La bosse de l'innovation
Ils sont seulement une petite dizaine en France à avoir un projet agricole avec des chameaux, qu’il s’agisse d’éco-pâturage, d’agritourisme ou de création de produits laitiers. Pourtant, « le chameau, c’est un animal fantastique qui rentre dans 4 millions de cases », raconte Julien.
La Camélerie est actuellement le seul élevage français à avoir obtenu en juin 2023 l'agrément européen pour commercialiser son lait auprès des consommateurs. Et ce fut une longue traversée du désert pour Julien et Alban, son compagnon. Des années de lutte et des trésors d’ingéniosité déployés pour ouvrir une nouvelle filière agricole, Cameline, au Ministère de l’Agriculture, étudier les propriétés du lait de chamelles dans le cadre d’un programme européen du CIRAD (1), ou encore créer une salle de traite sur-mesure.
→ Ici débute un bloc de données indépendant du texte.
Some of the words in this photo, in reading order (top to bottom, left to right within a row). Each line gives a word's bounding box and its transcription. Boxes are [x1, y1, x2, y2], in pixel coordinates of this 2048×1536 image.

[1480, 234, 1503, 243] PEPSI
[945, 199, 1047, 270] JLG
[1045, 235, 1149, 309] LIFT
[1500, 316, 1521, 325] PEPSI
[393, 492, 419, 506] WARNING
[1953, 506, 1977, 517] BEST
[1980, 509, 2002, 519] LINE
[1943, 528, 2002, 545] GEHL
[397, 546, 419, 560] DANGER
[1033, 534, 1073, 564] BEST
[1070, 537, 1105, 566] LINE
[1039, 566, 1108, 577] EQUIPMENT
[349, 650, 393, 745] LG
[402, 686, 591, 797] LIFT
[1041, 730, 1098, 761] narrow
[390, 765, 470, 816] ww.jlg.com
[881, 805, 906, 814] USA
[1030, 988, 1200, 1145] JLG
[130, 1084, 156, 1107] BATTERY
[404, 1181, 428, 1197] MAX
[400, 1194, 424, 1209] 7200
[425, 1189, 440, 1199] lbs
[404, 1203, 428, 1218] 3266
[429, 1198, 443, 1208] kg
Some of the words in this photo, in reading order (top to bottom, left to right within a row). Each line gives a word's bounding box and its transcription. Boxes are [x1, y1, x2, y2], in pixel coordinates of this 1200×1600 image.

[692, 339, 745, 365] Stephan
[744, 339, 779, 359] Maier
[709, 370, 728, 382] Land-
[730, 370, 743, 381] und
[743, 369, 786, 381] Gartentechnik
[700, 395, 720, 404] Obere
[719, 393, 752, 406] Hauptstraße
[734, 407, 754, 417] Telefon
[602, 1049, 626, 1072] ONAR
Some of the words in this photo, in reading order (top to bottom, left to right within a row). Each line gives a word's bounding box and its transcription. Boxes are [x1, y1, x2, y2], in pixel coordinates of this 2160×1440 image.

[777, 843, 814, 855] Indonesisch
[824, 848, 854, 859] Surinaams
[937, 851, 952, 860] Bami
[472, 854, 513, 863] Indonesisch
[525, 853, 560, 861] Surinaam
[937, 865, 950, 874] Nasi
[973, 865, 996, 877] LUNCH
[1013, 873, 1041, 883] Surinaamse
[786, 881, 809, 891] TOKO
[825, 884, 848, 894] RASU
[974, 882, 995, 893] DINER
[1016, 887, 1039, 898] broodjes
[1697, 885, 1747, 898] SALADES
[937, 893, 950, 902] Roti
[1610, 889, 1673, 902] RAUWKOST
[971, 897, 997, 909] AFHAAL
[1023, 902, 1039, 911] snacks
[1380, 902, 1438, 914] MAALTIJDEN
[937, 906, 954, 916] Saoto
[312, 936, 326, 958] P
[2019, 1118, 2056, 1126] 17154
(1) Centre de coopération internationale en recherche agronomique pour le développement
LE LAIT EN VAUT LA CHAMELLE
« Les chamelles, c'est un tout autre monde comparé aux vaches », explique Julien. « Elles n'ont des chaleurs que si elles sont stimulées, il faut attendre 4 ans avant qu'elles aient leur premier petit, la gestation dure 13 mois, et impossible de les traire sans leur petit à leurs côtés ! »Autant dire que pour récupérer la moitié des 5 litres (2) que ses 10 chamelles produisent par jour, il faut s’accrocher.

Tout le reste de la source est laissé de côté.